═══ Given information ═══
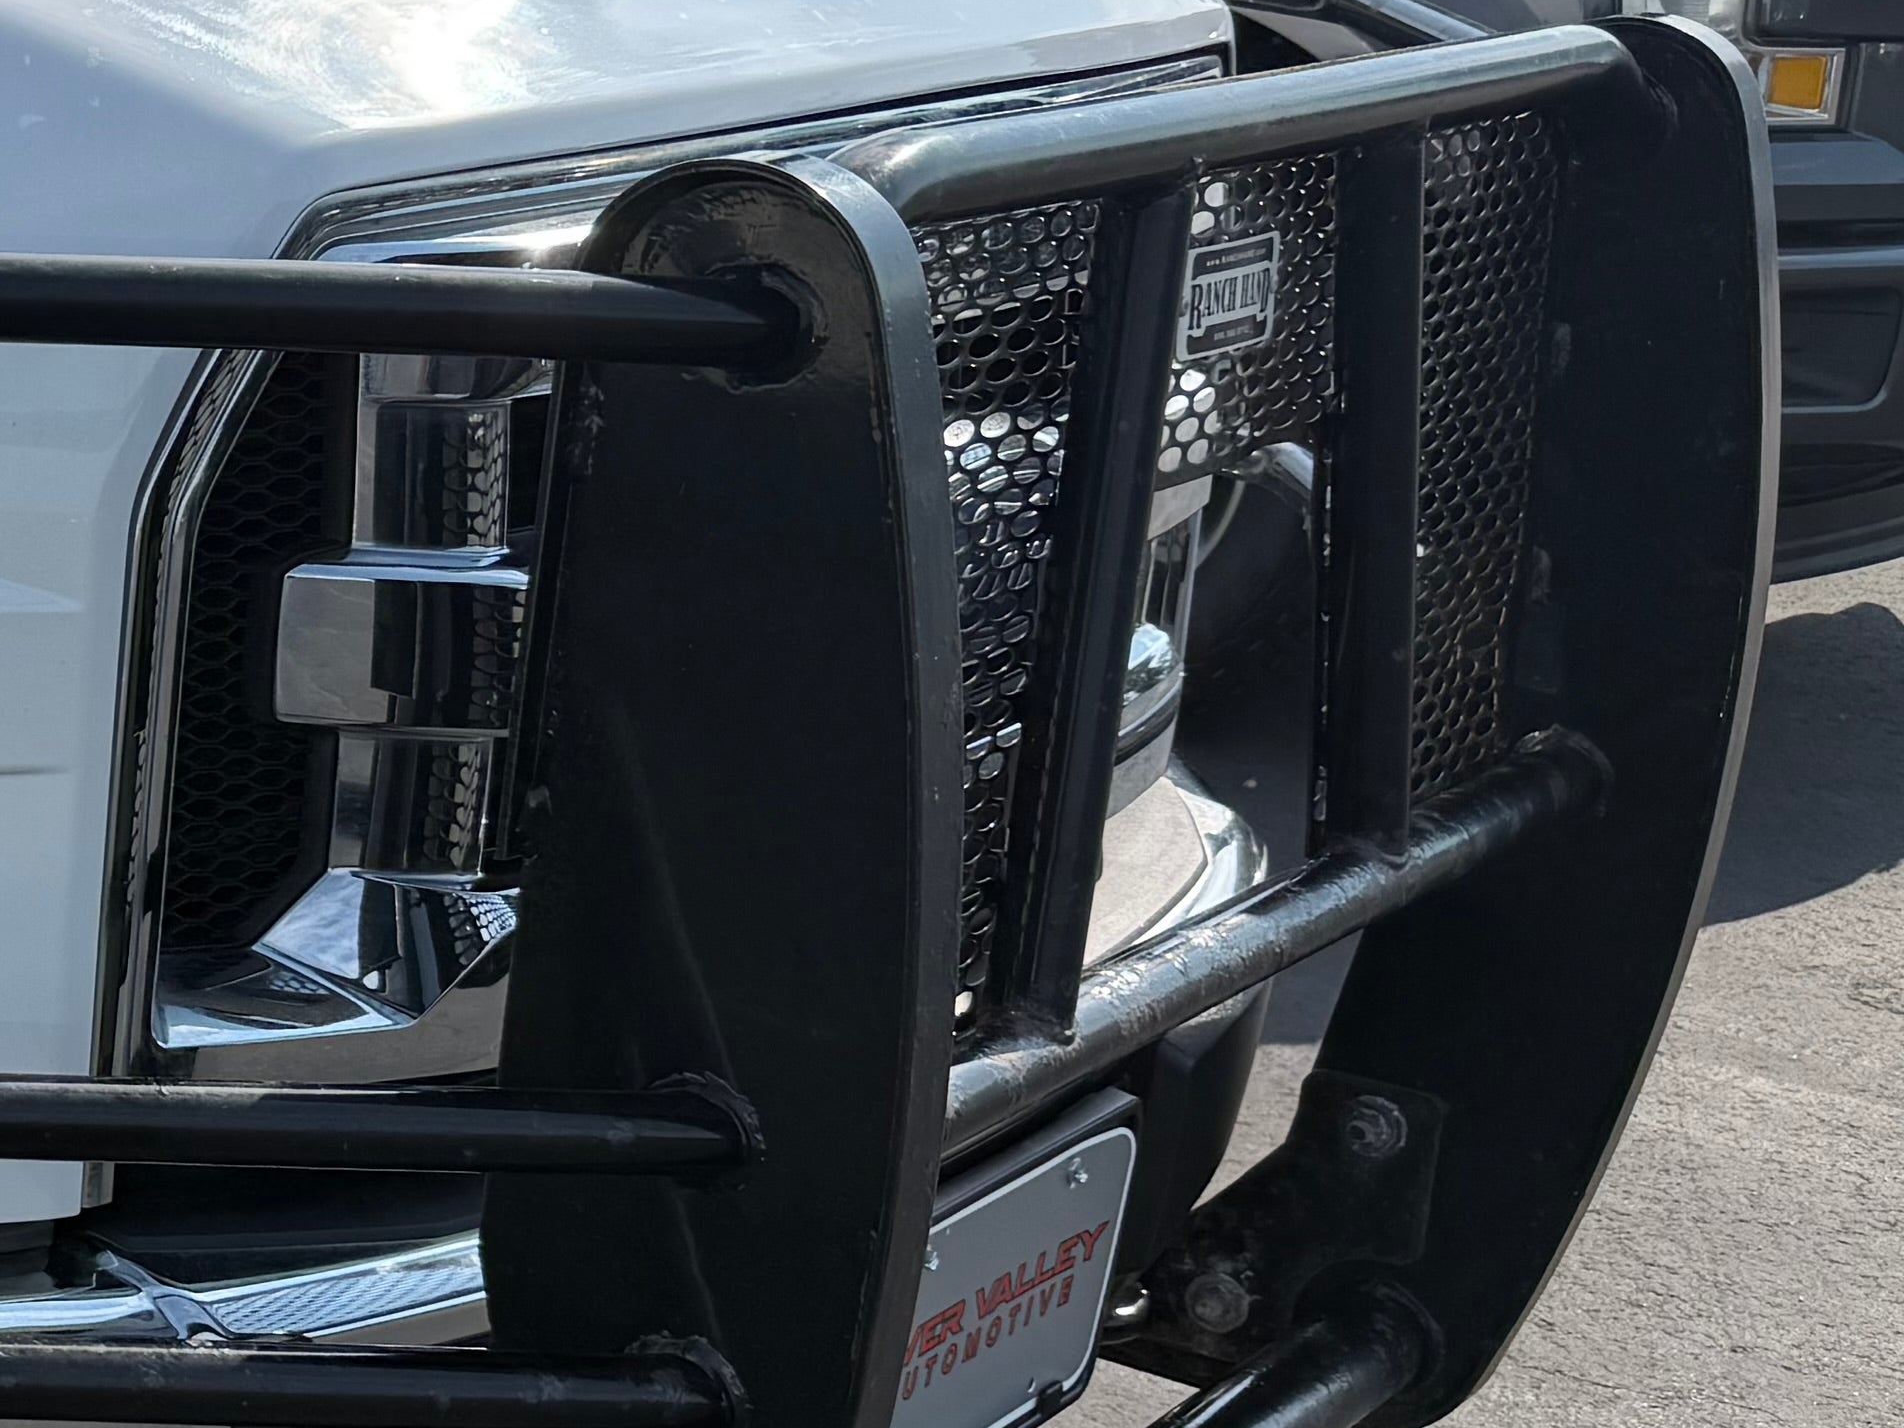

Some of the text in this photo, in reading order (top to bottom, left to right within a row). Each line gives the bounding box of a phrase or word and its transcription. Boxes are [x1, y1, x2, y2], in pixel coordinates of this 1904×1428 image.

[1188, 268, 1271, 331] RANCH HAND
[901, 1274, 1075, 1401] UTOMOTIVE
[903, 1219, 1111, 1367] VER VALLEY
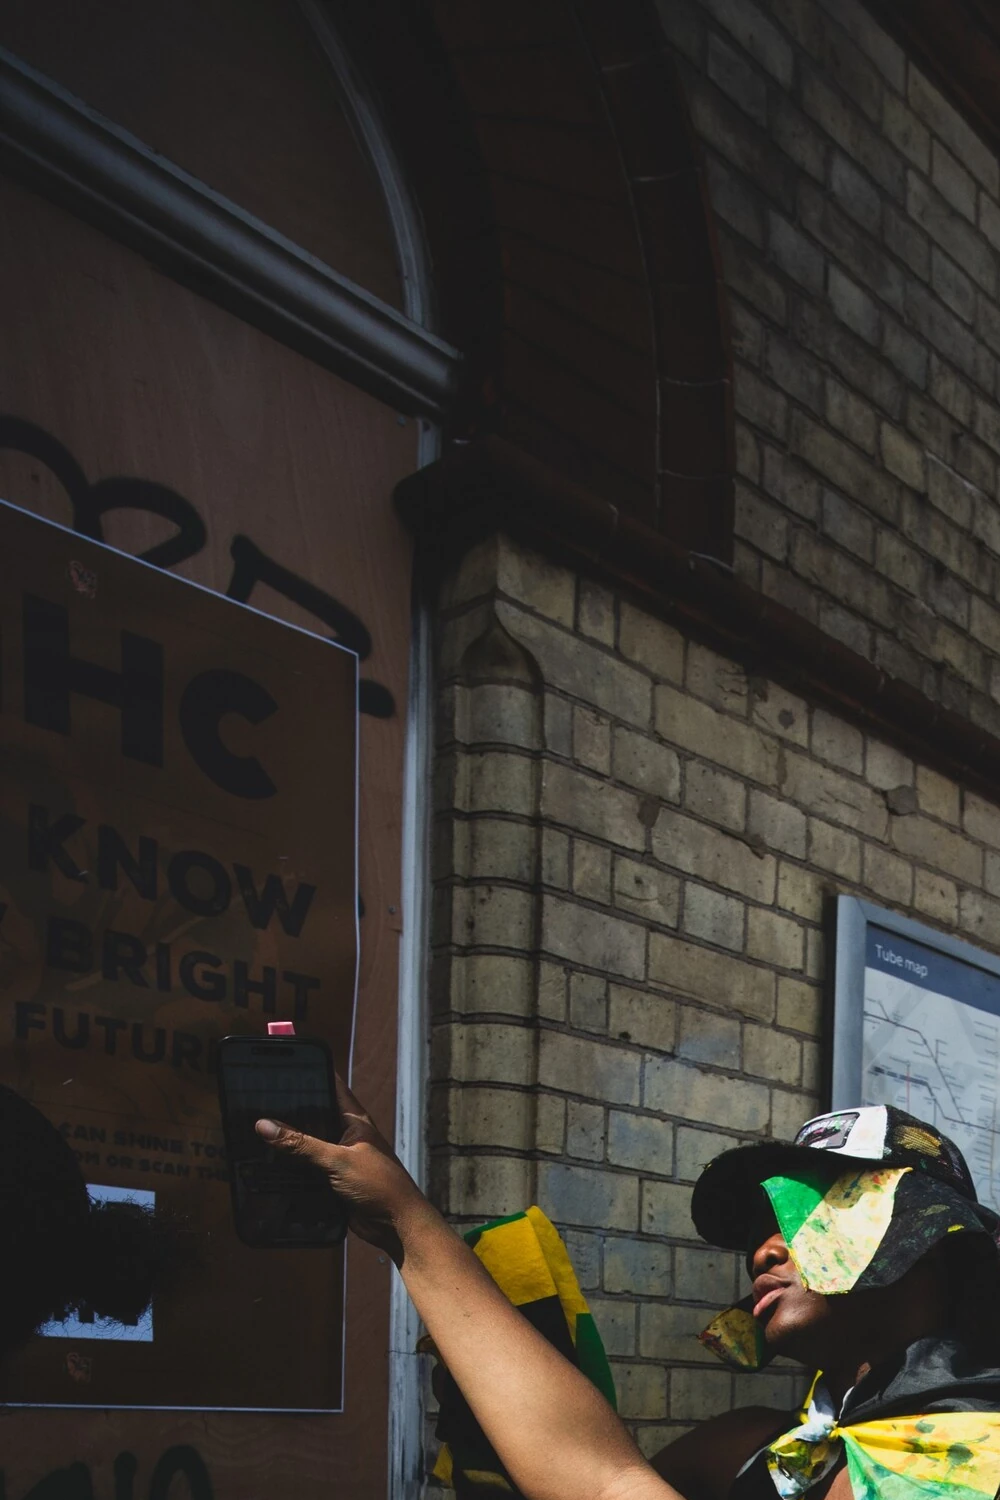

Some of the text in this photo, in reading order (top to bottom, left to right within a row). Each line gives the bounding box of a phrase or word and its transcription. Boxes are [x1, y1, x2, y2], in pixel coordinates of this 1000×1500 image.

[28, 803, 317, 938] KNOW
[46, 914, 321, 1021] BRIGHT
[875, 943, 928, 979] Tube map
[113, 1130, 184, 1154] SHINE
[106, 1153, 134, 1169] OR
[139, 1158, 191, 1177] SCAN
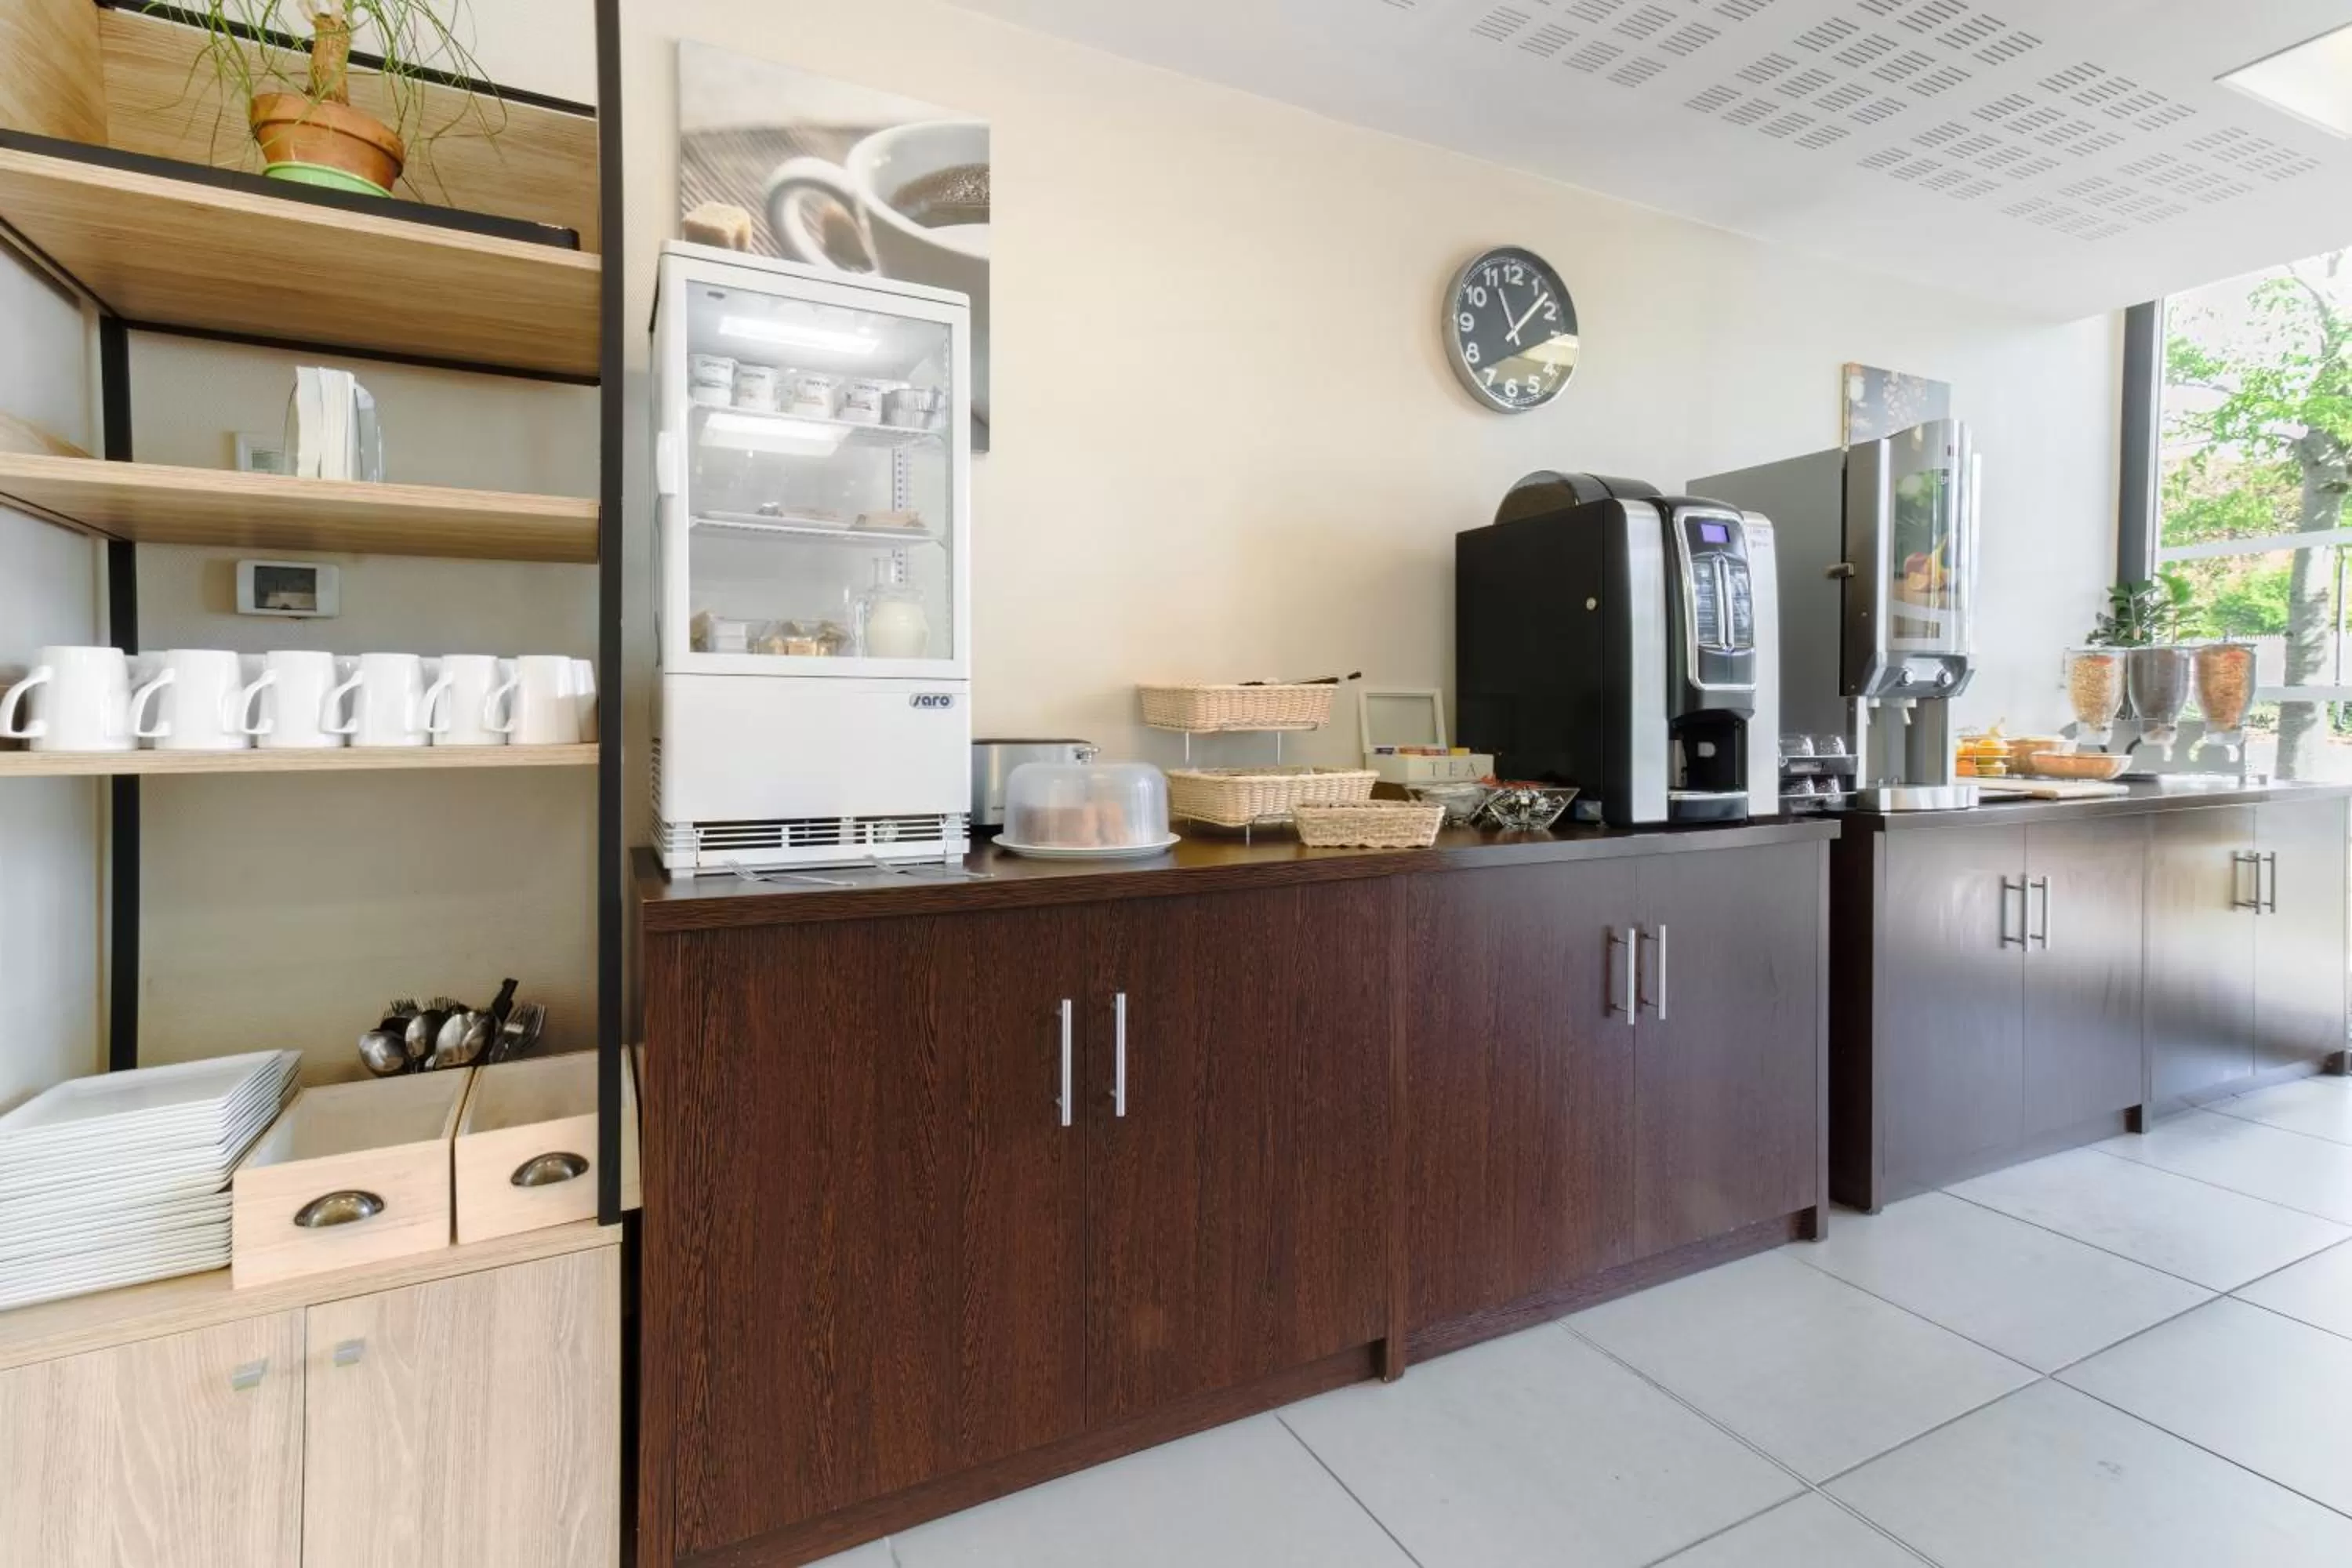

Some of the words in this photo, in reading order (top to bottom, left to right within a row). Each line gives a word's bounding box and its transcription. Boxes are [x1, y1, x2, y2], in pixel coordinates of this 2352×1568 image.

[1483, 267, 1498, 287] 11
[1503, 265, 1524, 285] 12
[1466, 285, 1487, 307] 10
[1531, 278, 1539, 296] 1
[1543, 302, 1556, 321] 2
[1459, 312, 1475, 332] 9
[1465, 342, 1480, 364] 8
[1543, 358, 1555, 376] 4
[1483, 368, 1497, 386] 7
[1527, 376, 1541, 394] 5
[1504, 379, 1519, 397] 6
[1428, 761, 1476, 777] TEA
═══
> Problem
Output the material above word for word. Leave out its images.

> Response to this exercise
Some of the text in this photo, in reading order (top to bottom, left to right within a row). Each line gives the bounding box of a phrase or word and its transcription. Boxes are [x1, y1, x2, y2], in pixel coordinates of this 1904×1428 image.

[1188, 268, 1271, 331] RANCH HAND
[901, 1274, 1075, 1401] UTOMOTIVE
[903, 1219, 1111, 1367] VER VALLEY

Some of the text in this photo, in reading order (top to bottom, left to right within a row). Each line gives the bounding box of a phrase or word and its transcription. Boxes are [x1, y1, x2, y2], in pixel coordinates of this 1000×1500 image.

[28, 803, 317, 938] KNOW
[46, 914, 321, 1021] BRIGHT
[875, 943, 928, 979] Tube map
[113, 1130, 184, 1154] SHINE
[106, 1153, 134, 1169] OR
[139, 1158, 191, 1177] SCAN

Some of the words in this photo, in reading order (top to bottom, left to right within a row). Each line gives a word's bounding box and its transcription. Boxes are [x1, y1, x2, y2], in pixel coordinates of this 2352×1568 image.

[1483, 267, 1498, 287] 11
[1503, 265, 1524, 285] 12
[1466, 285, 1487, 307] 10
[1531, 278, 1539, 296] 1
[1543, 302, 1556, 321] 2
[1459, 312, 1475, 332] 9
[1465, 342, 1480, 364] 8
[1543, 358, 1555, 376] 4
[1483, 368, 1497, 386] 7
[1527, 376, 1541, 394] 5
[1504, 379, 1519, 397] 6
[1428, 761, 1476, 777] TEA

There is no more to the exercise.